• **WHAT TO WORK ON**
Set every entry below down once more, exactly as it stands, without images.

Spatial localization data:
#####
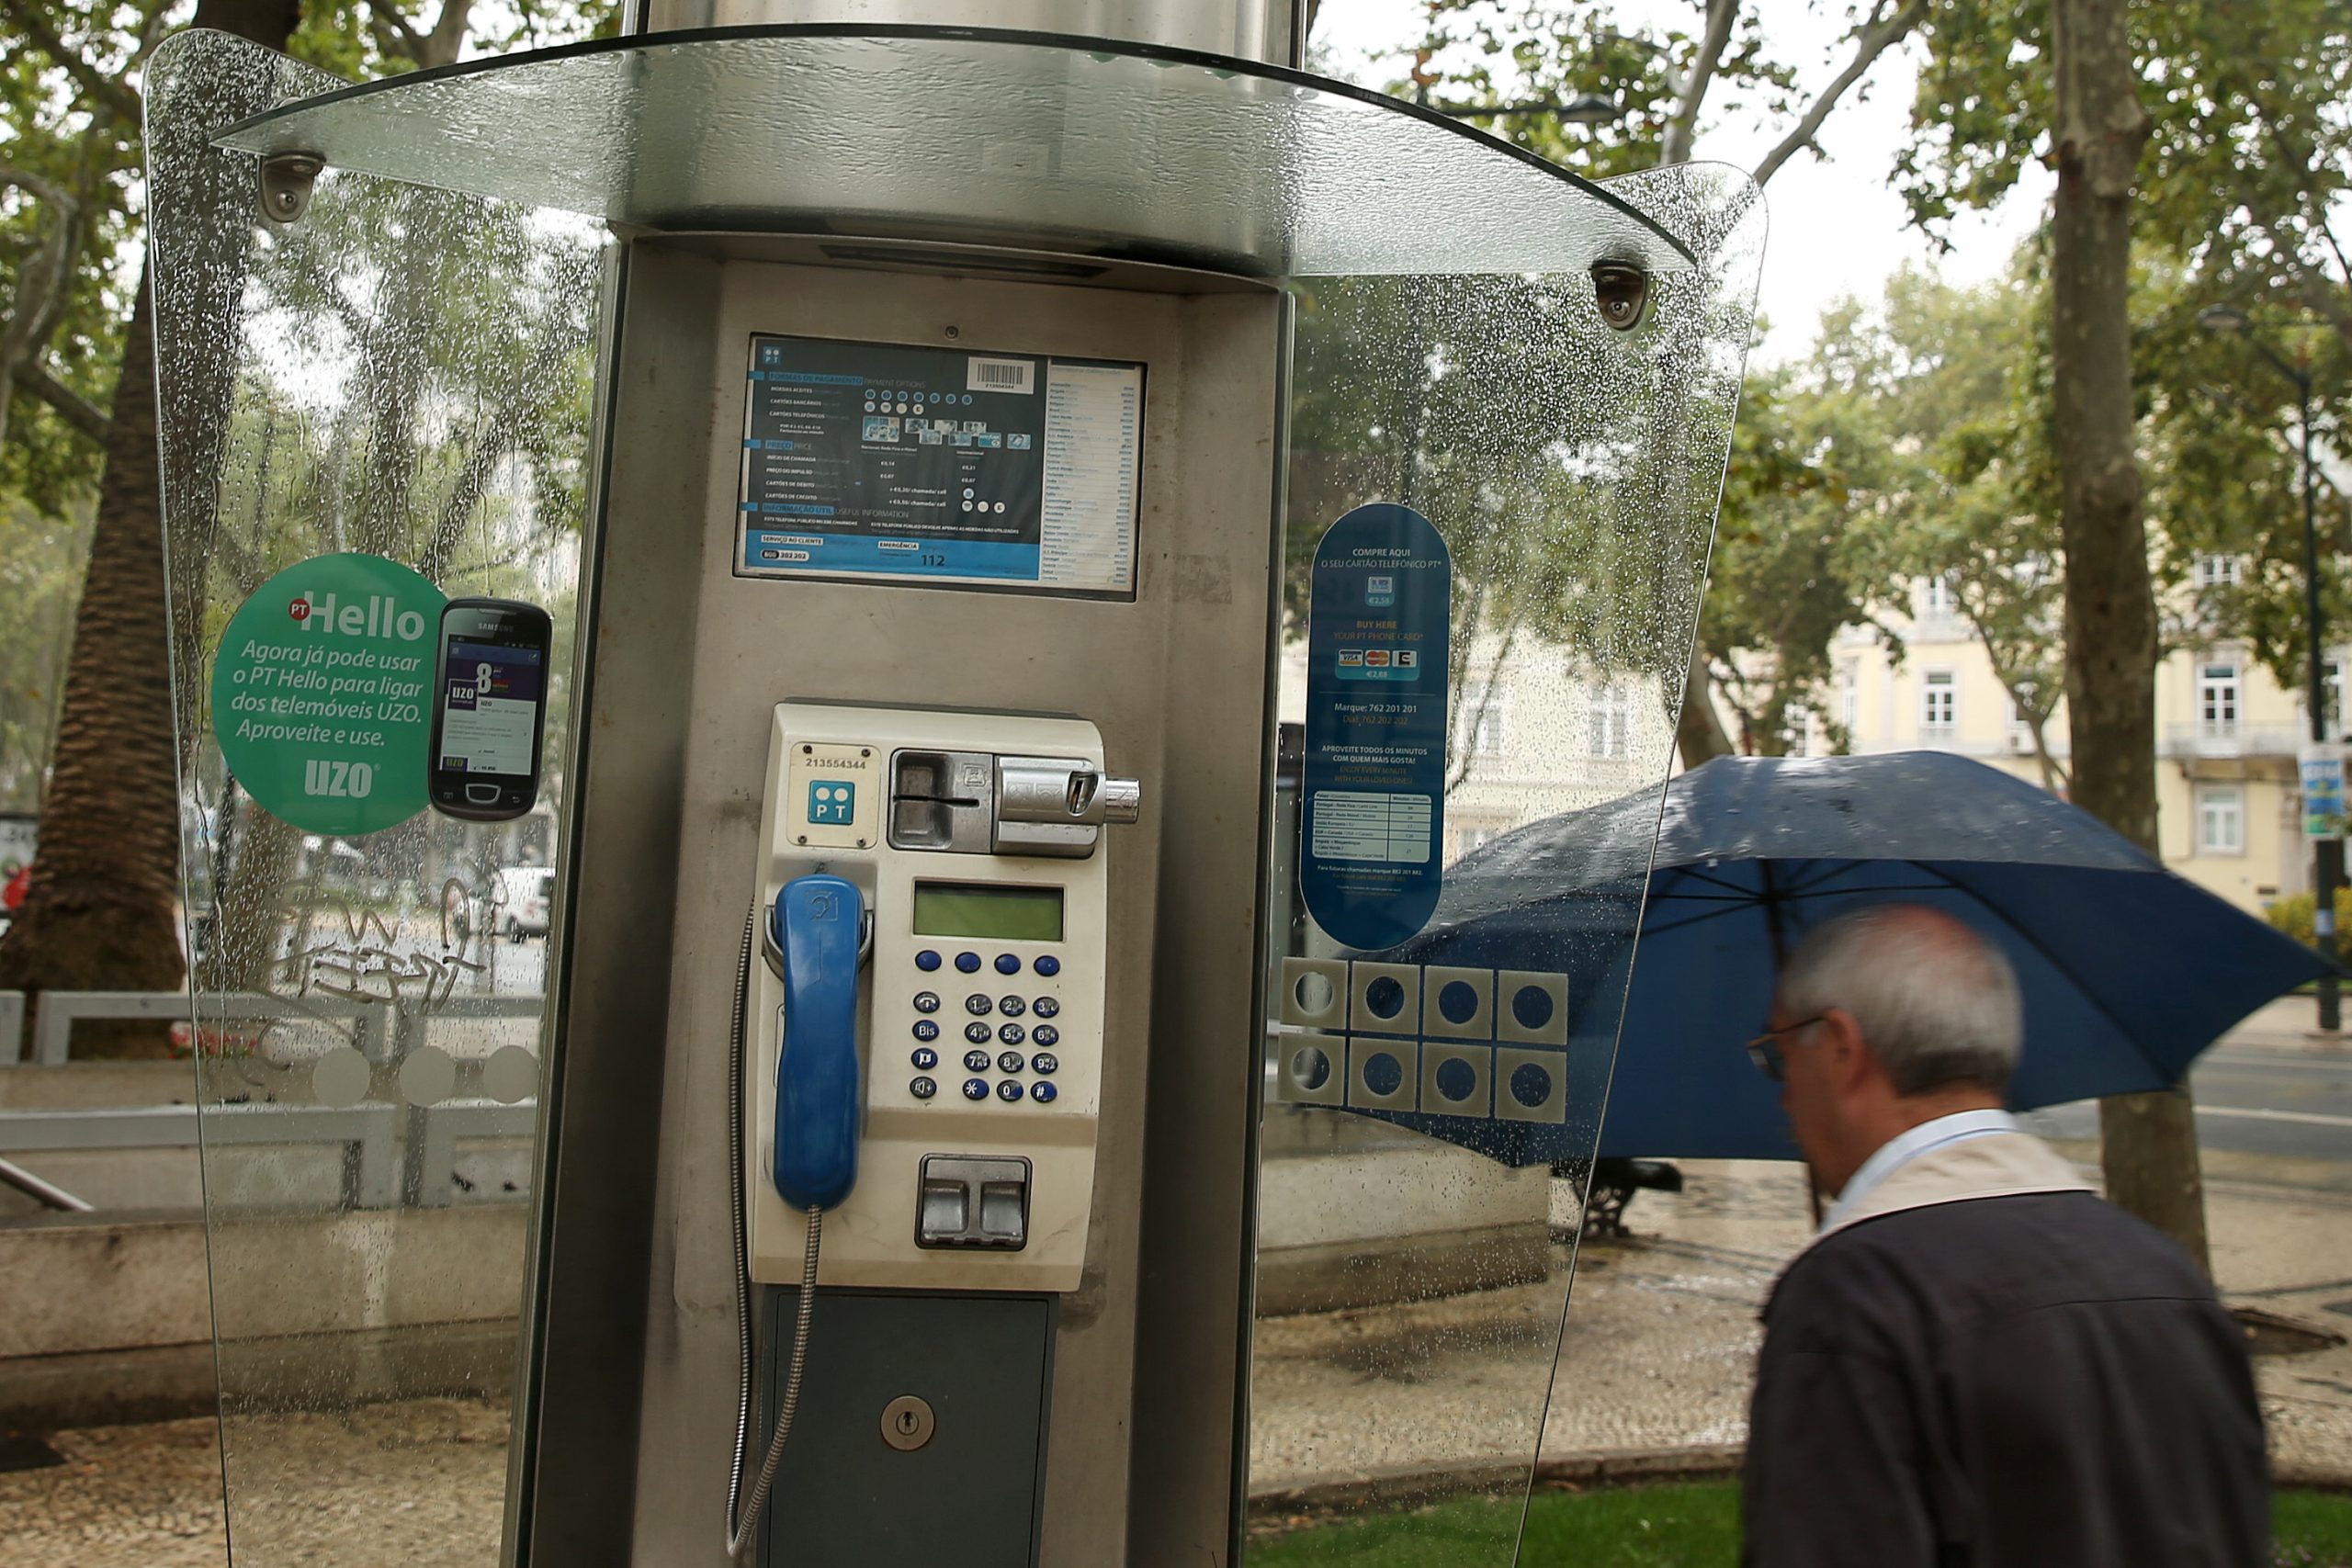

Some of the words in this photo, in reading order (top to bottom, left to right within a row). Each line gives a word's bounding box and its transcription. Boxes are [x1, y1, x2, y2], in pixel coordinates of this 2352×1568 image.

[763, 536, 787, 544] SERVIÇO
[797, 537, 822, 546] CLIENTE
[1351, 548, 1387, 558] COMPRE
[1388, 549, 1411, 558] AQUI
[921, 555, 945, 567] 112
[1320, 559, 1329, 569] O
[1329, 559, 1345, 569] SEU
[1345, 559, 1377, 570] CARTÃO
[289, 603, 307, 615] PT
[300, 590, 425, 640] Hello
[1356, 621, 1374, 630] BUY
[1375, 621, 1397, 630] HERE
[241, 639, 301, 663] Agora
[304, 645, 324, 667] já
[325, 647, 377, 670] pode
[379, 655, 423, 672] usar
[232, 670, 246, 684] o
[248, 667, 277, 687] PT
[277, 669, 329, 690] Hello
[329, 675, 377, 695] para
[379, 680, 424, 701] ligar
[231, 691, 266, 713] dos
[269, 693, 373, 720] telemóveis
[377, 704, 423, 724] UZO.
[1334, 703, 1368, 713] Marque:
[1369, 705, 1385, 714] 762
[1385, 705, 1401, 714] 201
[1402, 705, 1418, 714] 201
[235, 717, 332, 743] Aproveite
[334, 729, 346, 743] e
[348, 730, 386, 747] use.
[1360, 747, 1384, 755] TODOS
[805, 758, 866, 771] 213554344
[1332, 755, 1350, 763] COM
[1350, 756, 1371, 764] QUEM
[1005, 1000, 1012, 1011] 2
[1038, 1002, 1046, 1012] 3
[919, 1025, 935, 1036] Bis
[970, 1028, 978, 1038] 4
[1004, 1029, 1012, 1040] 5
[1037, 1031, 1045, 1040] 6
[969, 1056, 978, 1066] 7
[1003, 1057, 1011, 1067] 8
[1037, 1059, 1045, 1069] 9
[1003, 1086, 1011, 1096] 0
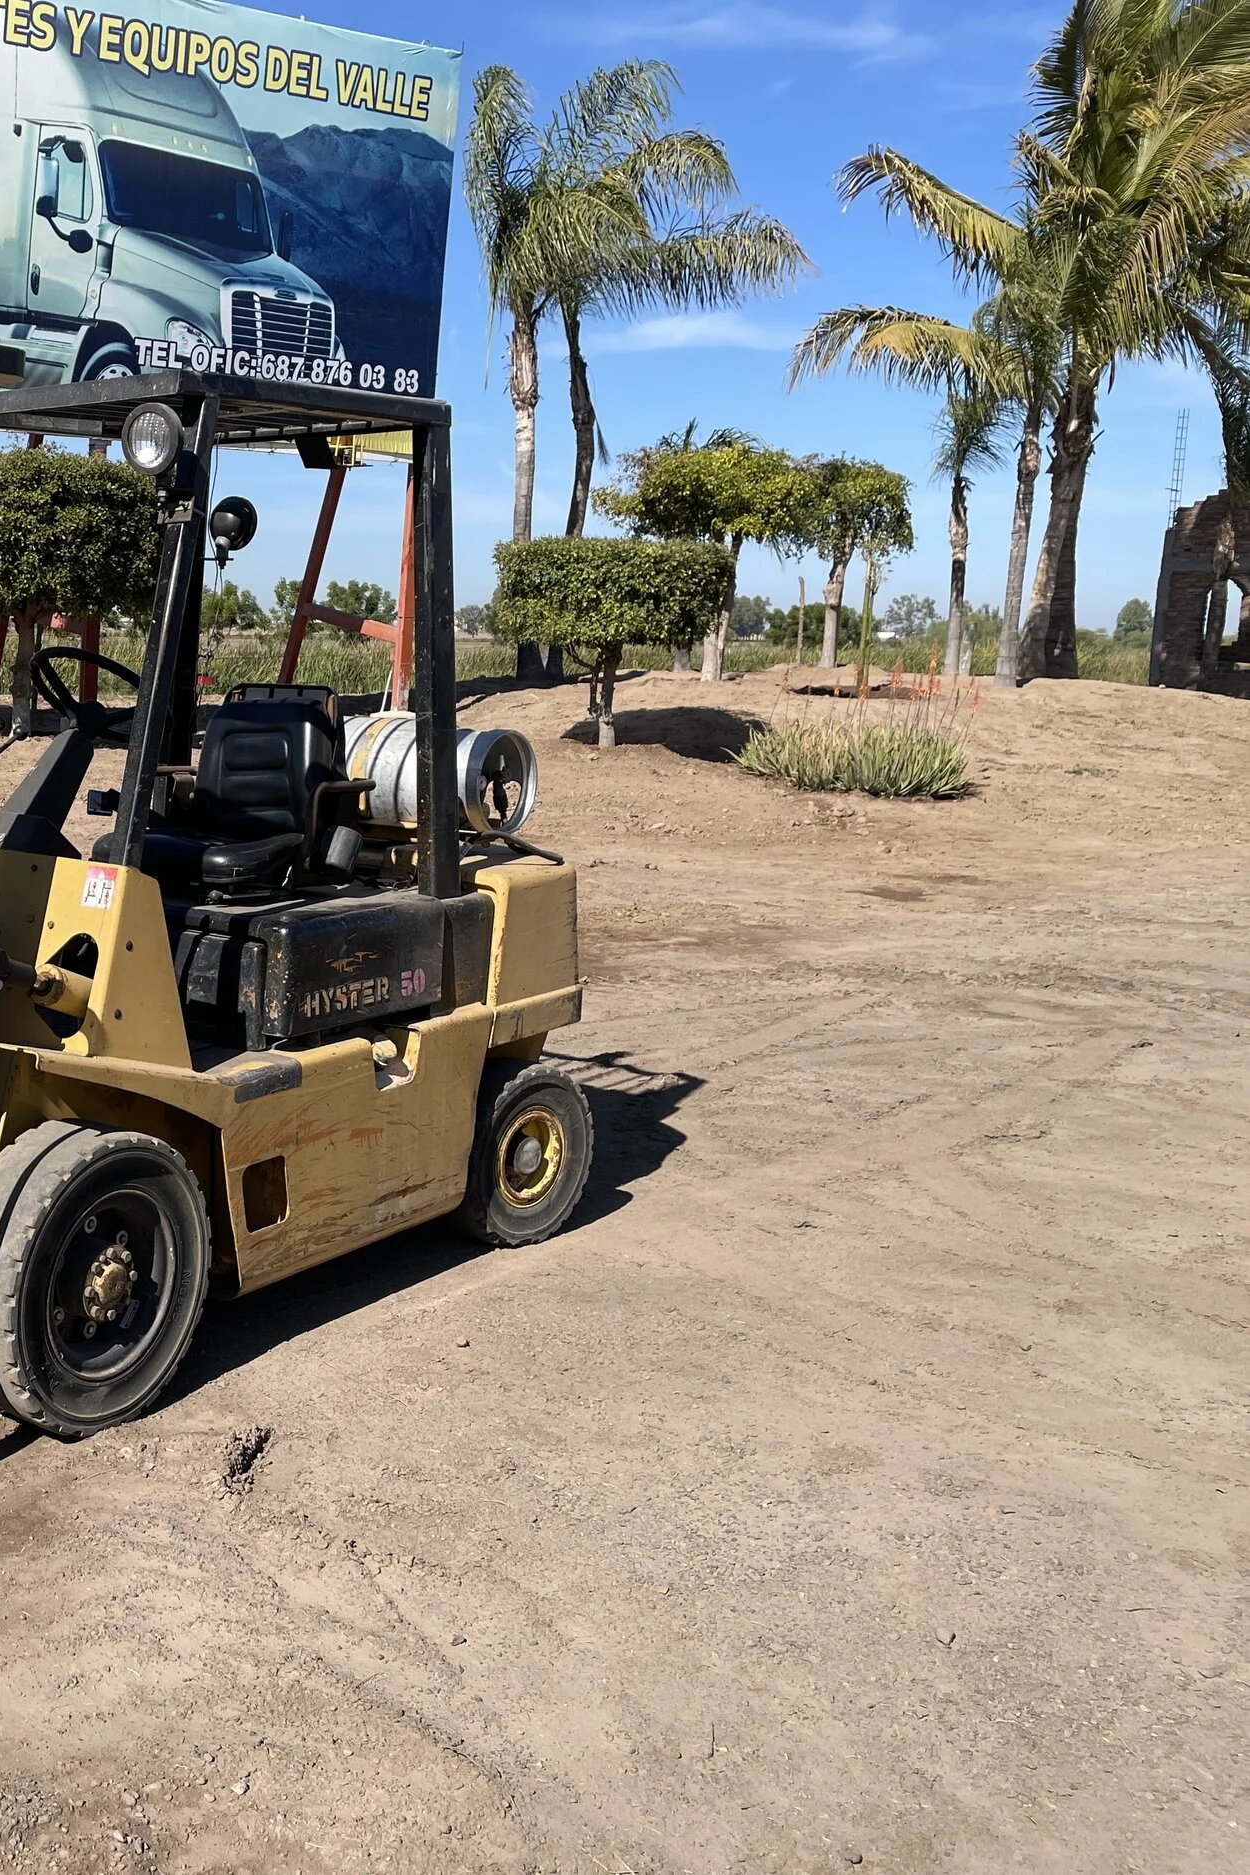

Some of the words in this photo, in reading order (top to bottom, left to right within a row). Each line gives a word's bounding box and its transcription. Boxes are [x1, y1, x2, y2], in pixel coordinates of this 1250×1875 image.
#####
• **RESPONSE FOR THIS EXERCISE**
Some of the words in this photo, in reading order (top to bottom, left to right within a row). Each line gives a word's bounding box and its transcription. Boxes are [x1, y1, x2, y2], in pixel coordinates of this 2352×1568 image.

[763, 536, 787, 544] SERVIÇO
[797, 537, 822, 546] CLIENTE
[1351, 548, 1387, 558] COMPRE
[1388, 549, 1411, 558] AQUI
[921, 555, 945, 567] 112
[1320, 559, 1329, 569] O
[1329, 559, 1345, 569] SEU
[1345, 559, 1377, 570] CARTÃO
[289, 603, 307, 615] PT
[300, 590, 425, 640] Hello
[1356, 621, 1374, 630] BUY
[1375, 621, 1397, 630] HERE
[241, 639, 301, 663] Agora
[304, 645, 324, 667] já
[325, 647, 377, 670] pode
[379, 655, 423, 672] usar
[232, 670, 246, 684] o
[248, 667, 277, 687] PT
[277, 669, 329, 690] Hello
[329, 675, 377, 695] para
[379, 680, 424, 701] ligar
[231, 691, 266, 713] dos
[269, 693, 373, 720] telemóveis
[377, 704, 423, 724] UZO.
[1334, 703, 1368, 713] Marque:
[1369, 705, 1385, 714] 762
[1385, 705, 1401, 714] 201
[1402, 705, 1418, 714] 201
[235, 717, 332, 743] Aproveite
[334, 729, 346, 743] e
[348, 730, 386, 747] use.
[1360, 747, 1384, 755] TODOS
[805, 758, 866, 771] 213554344
[1332, 755, 1350, 763] COM
[1350, 756, 1371, 764] QUEM
[1005, 1000, 1012, 1011] 2
[1038, 1002, 1046, 1012] 3
[919, 1025, 935, 1036] Bis
[970, 1028, 978, 1038] 4
[1004, 1029, 1012, 1040] 5
[1037, 1031, 1045, 1040] 6
[969, 1056, 978, 1066] 7
[1003, 1057, 1011, 1067] 8
[1037, 1059, 1045, 1069] 9
[1003, 1086, 1011, 1096] 0

Some of the words in this photo, in reading order (top to bottom, left to right within a row). Each line gives a word's bounding box and its transcription. Boxes are [x1, y1, x2, y2], in pixel coordinates of this 1250×1875 image.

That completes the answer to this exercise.